What is expected -
Exclude the images and transcribe the entries below precisely.

(Phrase grounding data)
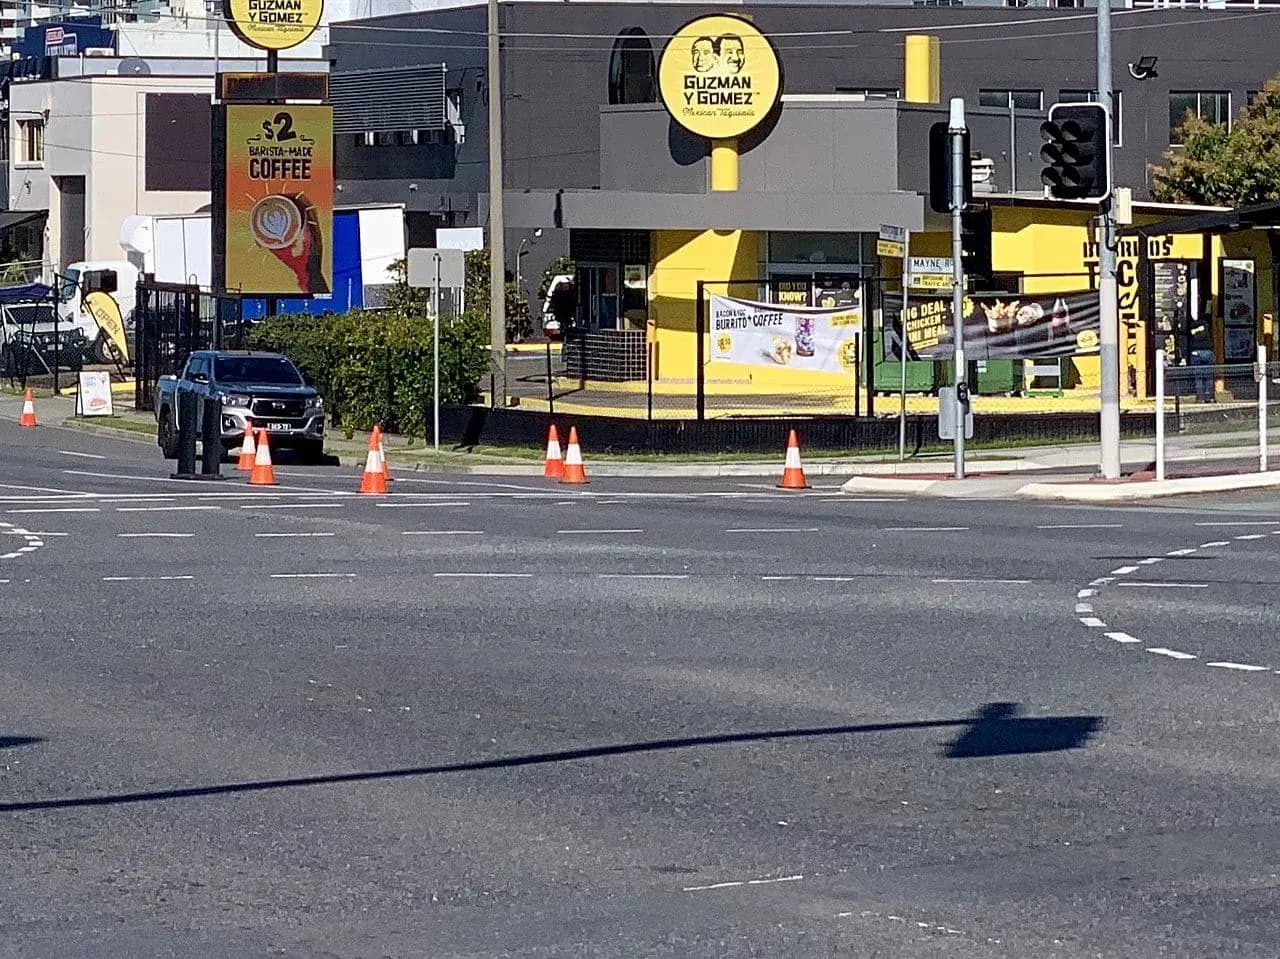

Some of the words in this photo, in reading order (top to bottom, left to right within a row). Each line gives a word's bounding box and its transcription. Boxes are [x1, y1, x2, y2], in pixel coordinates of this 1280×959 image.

[248, 0, 301, 11] GUZMAN
[248, 12, 257, 22] Y
[259, 12, 303, 24] GOMEZ
[683, 74, 751, 89] GUZMAN
[683, 92, 694, 105] Y
[697, 91, 753, 105] GOMEZ
[262, 112, 297, 142] $2
[248, 146, 313, 157] BARISTA-MADE
[249, 159, 312, 180] COFFEE
[913, 259, 940, 268] MAYNE
[778, 291, 808, 302] KNOW?
[920, 300, 946, 317] DEAL
[95, 307, 121, 335] OPEN
[715, 316, 748, 330] BURRITO
[752, 312, 784, 327] COFFEE
[906, 314, 941, 331] CHICKEN
[924, 324, 948, 339] MEAL
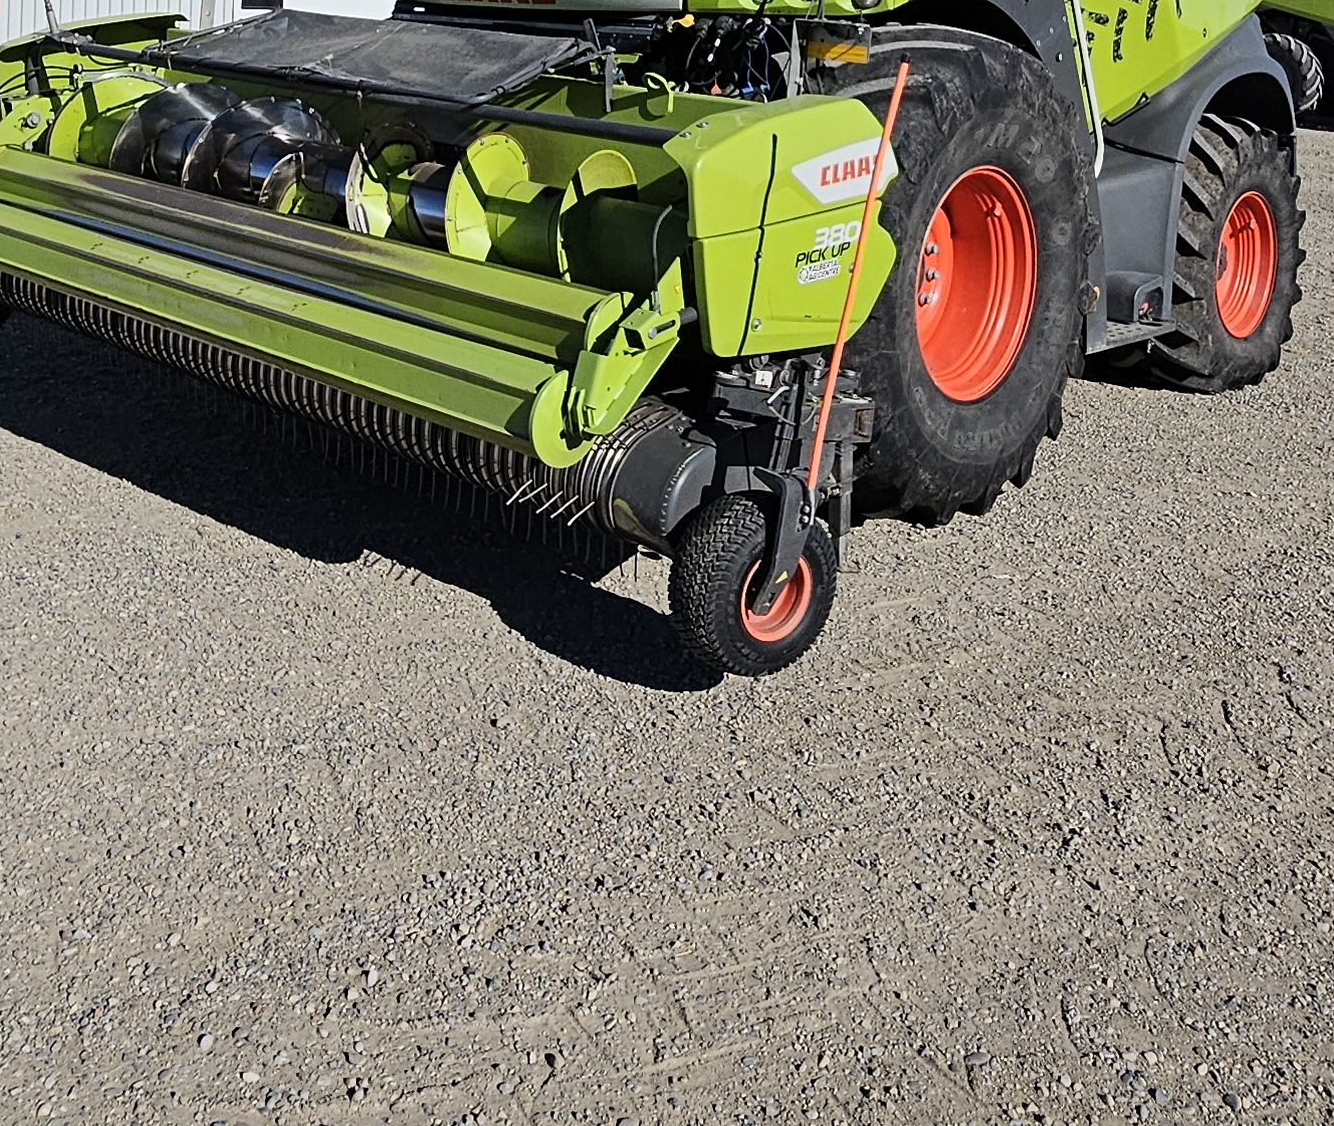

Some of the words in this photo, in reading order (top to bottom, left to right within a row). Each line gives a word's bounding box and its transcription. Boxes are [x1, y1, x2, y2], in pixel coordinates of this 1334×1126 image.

[820, 154, 879, 187] CLAA
[811, 220, 862, 251] 380
[795, 245, 829, 268] PICK
[831, 241, 851, 258] UP
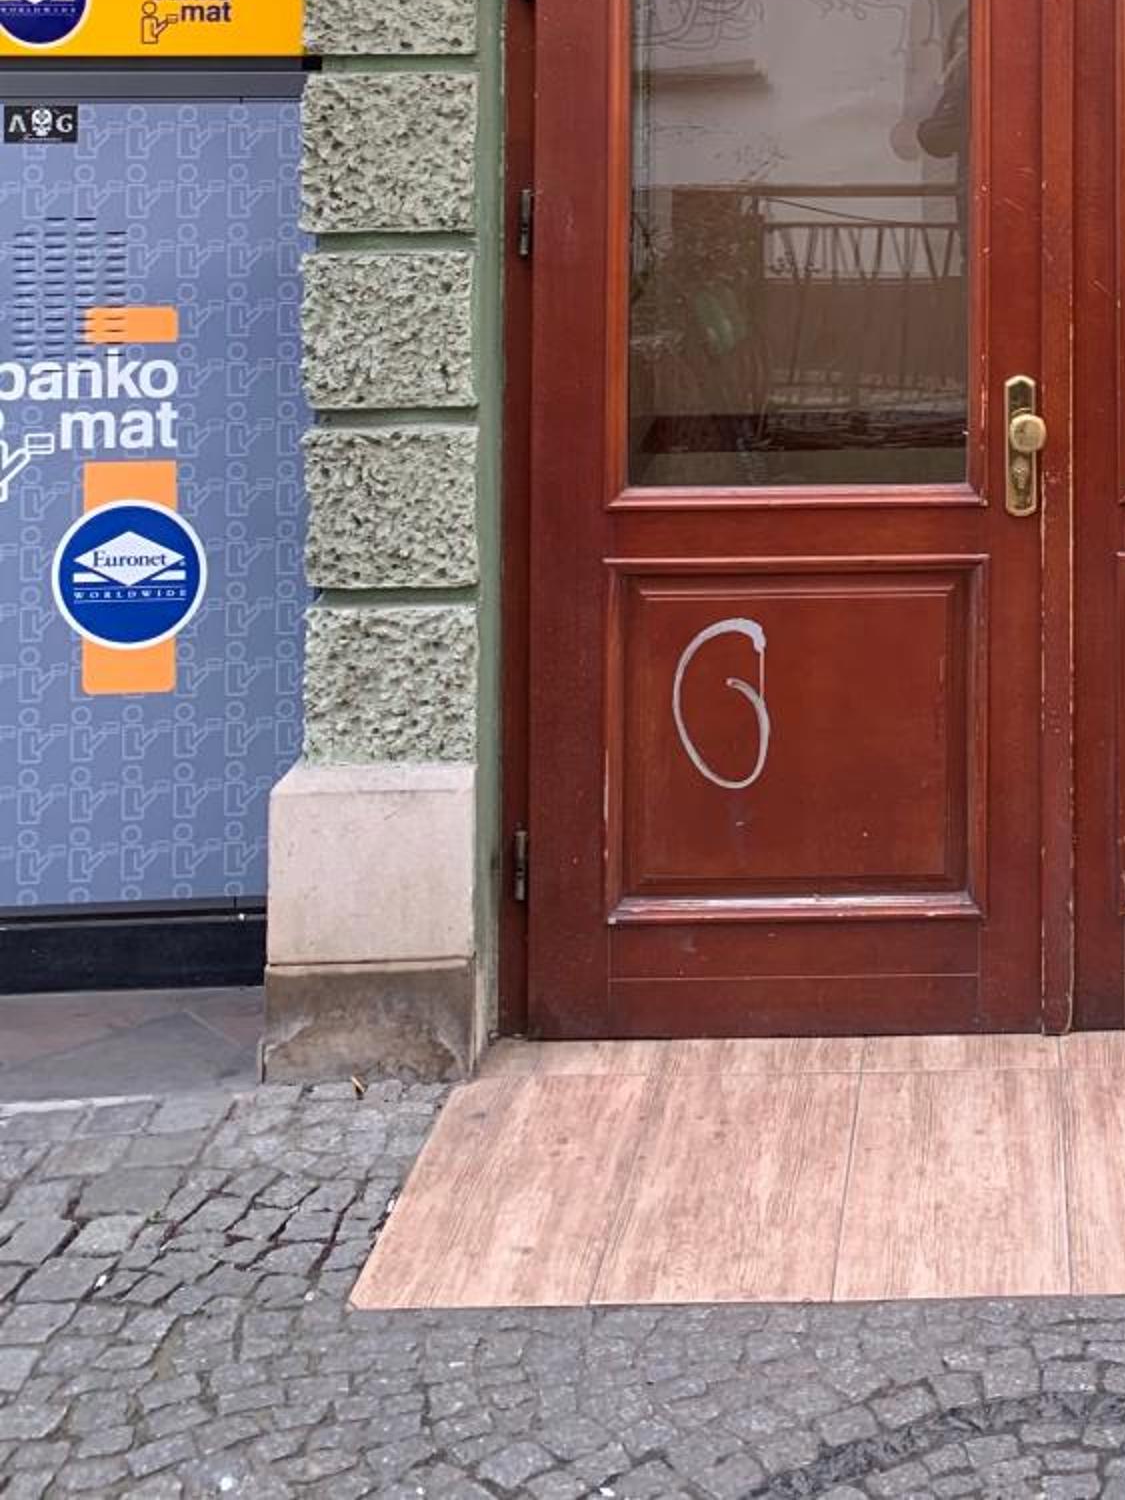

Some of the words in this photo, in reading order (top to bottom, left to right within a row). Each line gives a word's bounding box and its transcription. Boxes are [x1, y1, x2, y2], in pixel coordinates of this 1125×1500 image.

[180, 2, 232, 23] mat
[60, 401, 179, 450] mat
[93, 550, 168, 567] Euronet
[73, 589, 187, 599] WORLDWIDE
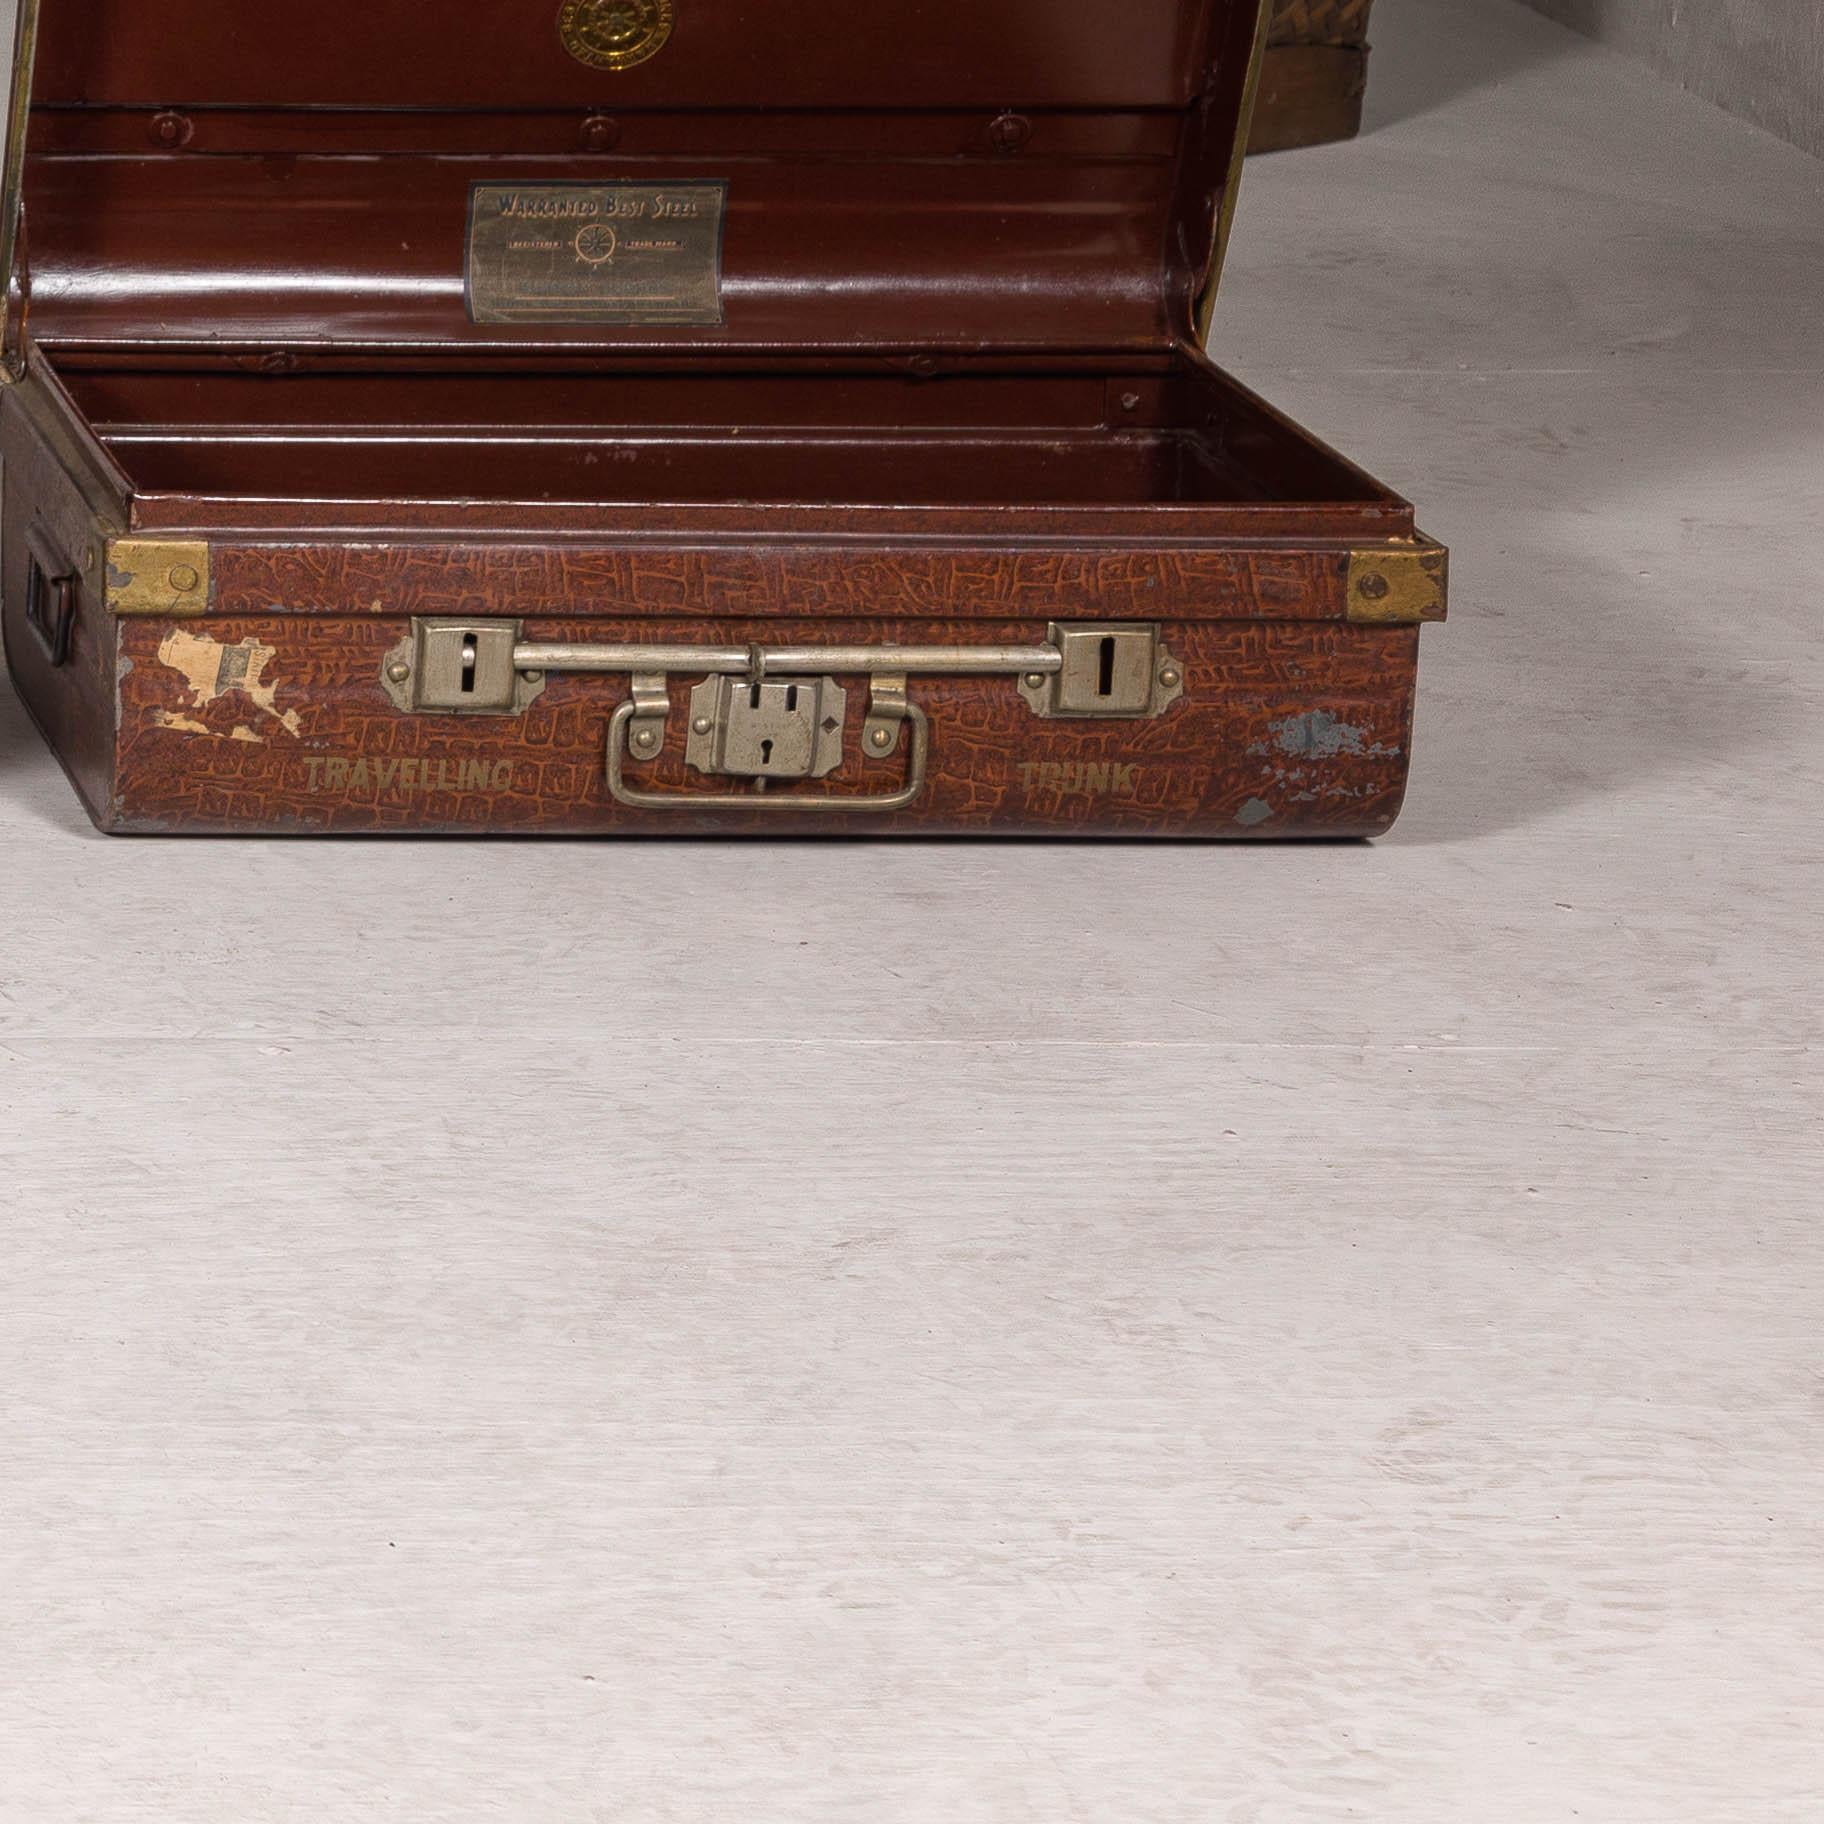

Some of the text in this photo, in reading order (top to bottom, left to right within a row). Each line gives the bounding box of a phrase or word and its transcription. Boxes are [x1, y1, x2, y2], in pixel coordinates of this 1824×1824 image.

[497, 192, 700, 219] WARRANTED BEST STEEL
[302, 756, 1139, 795] TRAVELLING TRUNK

Solution to the exercise -
Some of the words in this photo, in reading order (top to bottom, left to right within a row). Each line gives a word's bounding box and its transcription. Boxes are [x1, y1, x2, y2], in pixel coordinates of this 1280×959 image.

[248, 0, 301, 11] GUZMAN
[248, 12, 257, 22] Y
[259, 12, 303, 24] GOMEZ
[683, 74, 751, 89] GUZMAN
[683, 92, 694, 105] Y
[697, 91, 753, 105] GOMEZ
[262, 112, 297, 142] $2
[248, 146, 313, 157] BARISTA-MADE
[249, 159, 312, 180] COFFEE
[913, 259, 940, 268] MAYNE
[778, 291, 808, 302] KNOW?
[920, 300, 946, 317] DEAL
[95, 307, 121, 335] OPEN
[715, 316, 748, 330] BURRITO
[752, 312, 784, 327] COFFEE
[906, 314, 941, 331] CHICKEN
[924, 324, 948, 339] MEAL

Some of the words in this photo, in reading order (top to bottom, left to right within a row). Each line gives a word's bounding box and its transcription. Boxes are [x1, y1, x2, y2], in pixel coordinates of this 1334×1126 image.

[820, 154, 879, 187] CLAA
[811, 220, 862, 251] 380
[795, 245, 829, 268] PICK
[831, 241, 851, 258] UP

Some of the words in this photo, in reading order (top to bottom, left to right within a row). Each line gives a word's bounding box and its transcription. Boxes are [x1, y1, x2, y2], in pixel coordinates of this 1125×1500 image.

[180, 2, 232, 23] mat
[60, 401, 179, 450] mat
[93, 550, 168, 567] Euronet
[73, 589, 187, 599] WORLDWIDE

Some of the text in this photo, in reading order (top to bottom, left to right within a row). Each line gives the bounding box of a phrase or word and its transcription. Boxes are [x1, y1, x2, y2], in pixel coordinates of this 1824×1824 image.

[497, 192, 700, 219] WARRANTED BEST STEEL
[302, 756, 1139, 795] TRAVELLING TRUNK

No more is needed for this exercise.